PROMPT
If a picture appears in the records, leave it out and transcribe the rest exactly.

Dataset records
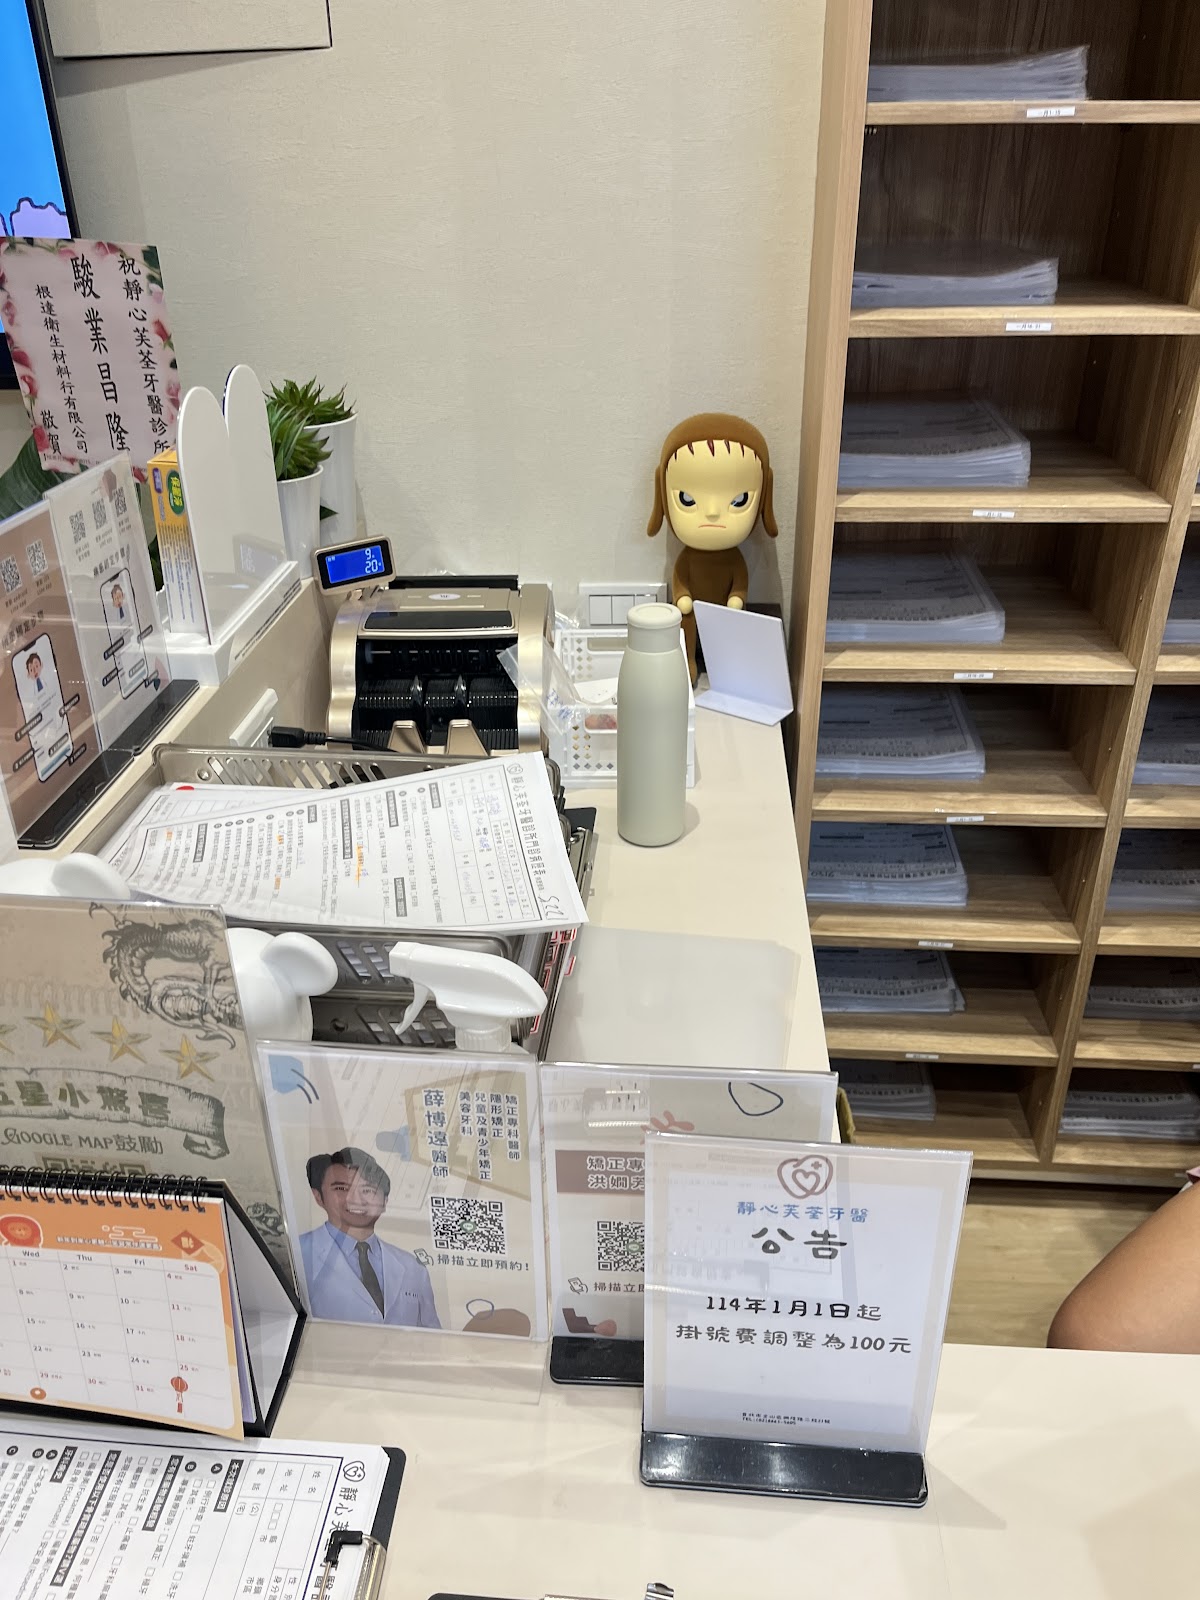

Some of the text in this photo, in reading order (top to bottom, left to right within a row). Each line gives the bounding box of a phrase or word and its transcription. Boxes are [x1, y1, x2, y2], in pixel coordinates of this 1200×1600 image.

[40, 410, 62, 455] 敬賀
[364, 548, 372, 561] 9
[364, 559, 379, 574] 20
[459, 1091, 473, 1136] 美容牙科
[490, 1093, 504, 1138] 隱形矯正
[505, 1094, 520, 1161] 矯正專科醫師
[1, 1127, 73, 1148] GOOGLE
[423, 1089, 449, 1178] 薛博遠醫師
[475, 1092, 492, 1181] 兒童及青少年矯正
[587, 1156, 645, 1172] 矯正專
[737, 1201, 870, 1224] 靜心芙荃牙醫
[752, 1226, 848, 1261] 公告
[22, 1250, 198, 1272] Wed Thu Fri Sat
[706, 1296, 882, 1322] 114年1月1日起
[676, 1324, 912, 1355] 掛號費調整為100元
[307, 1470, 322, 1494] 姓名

ANSWER SECTION
Some of the text in this photo, in reading order (top to bottom, left to right within a row). Each line gives the bounding box of a phrase or word and its transcription. Boxes are [x1, y1, x2, y2], in pixel coordinates of this 1200×1600 image.

[40, 410, 62, 455] 敬賀
[364, 548, 372, 561] 9
[364, 559, 379, 574] 20
[459, 1091, 473, 1136] 美容牙科
[490, 1093, 504, 1138] 隱形矯正
[505, 1094, 520, 1161] 矯正專科醫師
[1, 1127, 73, 1148] GOOGLE
[423, 1089, 449, 1178] 薛博遠醫師
[475, 1092, 492, 1181] 兒童及青少年矯正
[587, 1156, 645, 1172] 矯正專
[737, 1201, 870, 1224] 靜心芙荃牙醫
[752, 1226, 848, 1261] 公告
[22, 1250, 198, 1272] Wed Thu Fri Sat
[706, 1296, 882, 1322] 114年1月1日起
[676, 1324, 912, 1355] 掛號費調整為100元
[307, 1470, 322, 1494] 姓名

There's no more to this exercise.